A short introduction to the architecture of a video call

Daily is built on WebRTC, which is an open, secure standard for streaming media in browsers. There is no single webRTC technology — webRTC is a collection of standards, protocols, and APIs that make up an open-source framework which allows for real-time communications and data transfers.

Simply put, webRTC means that developers can integrate real-time communication into any website or app. From a product perspective, this means that webRTC can turn video calling into a built-in feature of any product.

Daily's API makes this as fast and flexible as possible.

Rethinking the familiar: video rooms

The notion of rooms, which you’re already familiar with from video chat tools, is central to Daily as a video chat API. A room is a virtual space where users — who we'll call "participants" — meet and exchange audio and video data in real-time.
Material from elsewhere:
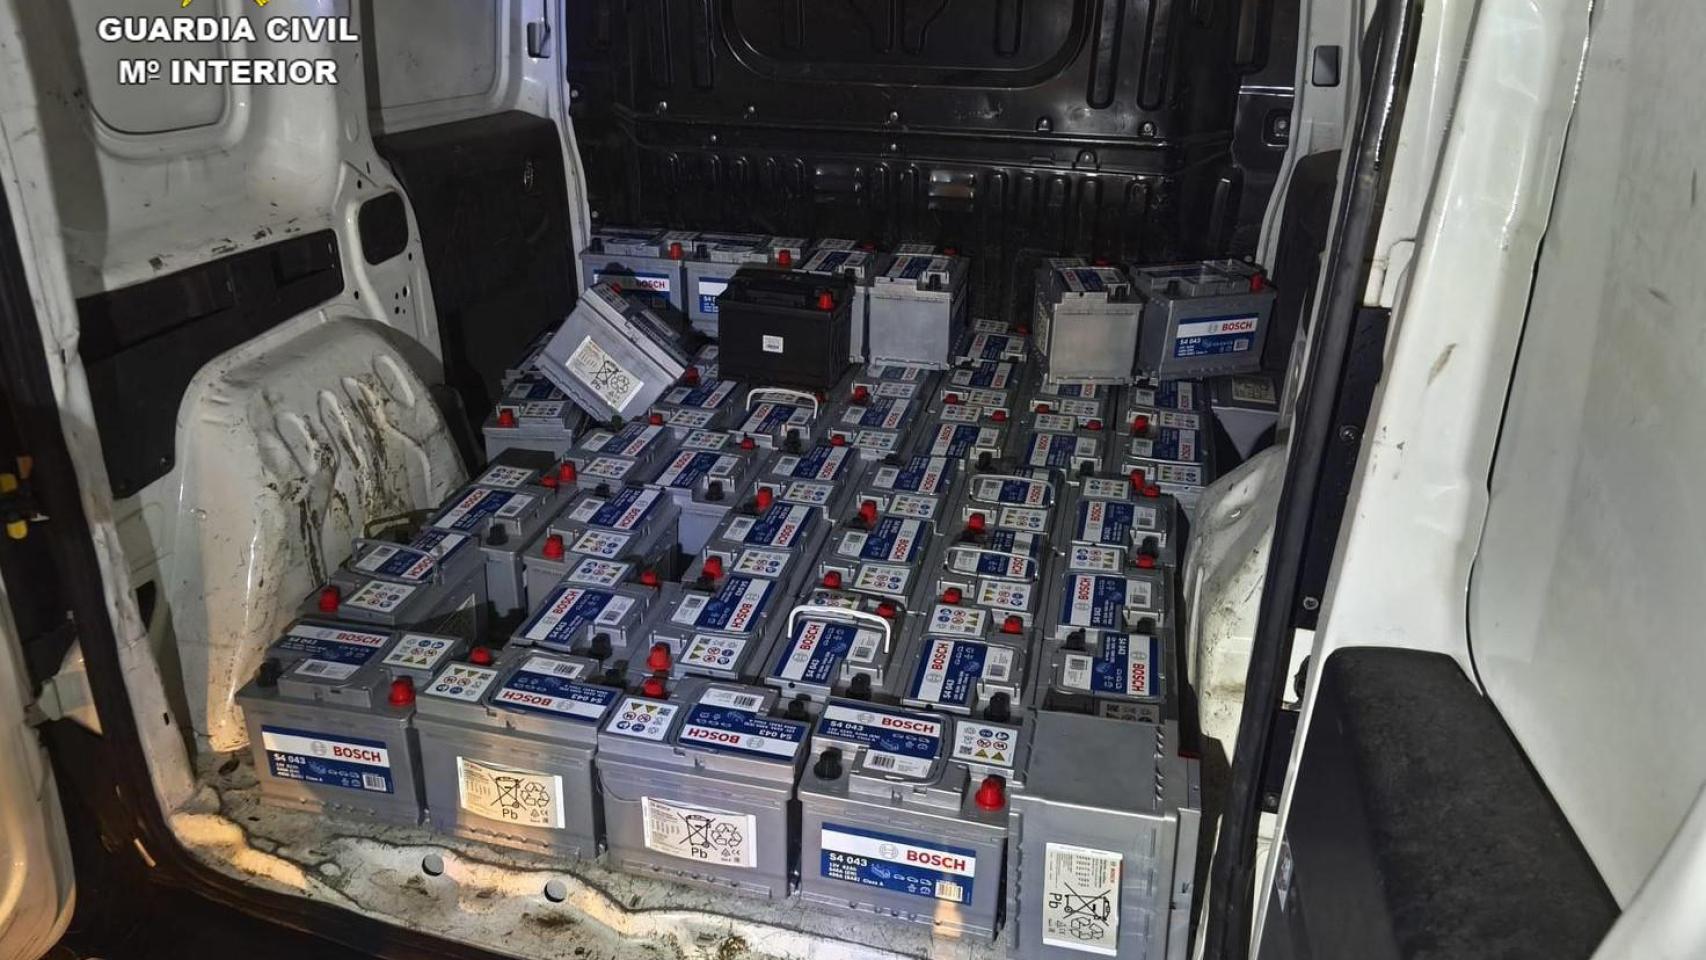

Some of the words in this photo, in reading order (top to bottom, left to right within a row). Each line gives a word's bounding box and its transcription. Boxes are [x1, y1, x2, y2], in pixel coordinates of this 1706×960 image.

Abstract representation of a room as an array of minimalist-style windows chairs plants and lamps

A room can be reused for different "sessions" — i.e. video calls — over time. A room can only host one session at any one moment.

Track subscriptions

Video rooms are based on a publish/subscribe model. In the example of a one-on-one video call, participants publish audio and video tracks via their mic and camera. The two participants are subscribed to each other’s tracks, meaning they receive the media information that the other publishes.

Depending on the type of call architecture in place, participants may or may not need to be subscribed to every other participant’s tracks. Take the example of a conference broadcast with 100,000 people. This type of call only requires select audio and video tracks — those of the presenters, and maybe those of certain audience members asking questions. The remaining audience members do not need to publish tracks, and they do not need to be subscribed to one another's tracks.

For these situations, make use of Daily track subscriptions, dynamically subscribing to different participants' audio and video streams.

Note: track subscriptions are only available on calls over an SFU network connection (more on what that is below).

The architecture of a room: P2P vs. SFU calls

Using the Daily platform, calls made with fewer than three participants connect using a peer-to-peer (P2P) connection by default. In a P2P call, each user is directly connected with each other user. Depending on the call, P2P calls can be higher quality and allow for faster connections; they’re also encrypted end-to-end.

Kwin, our CEO and lead dev, talks in depth about the advantages of P2P in this blog post. Kwin’s blog post is also great to share with teammates who’d like more information on P2P calls and SFU mode.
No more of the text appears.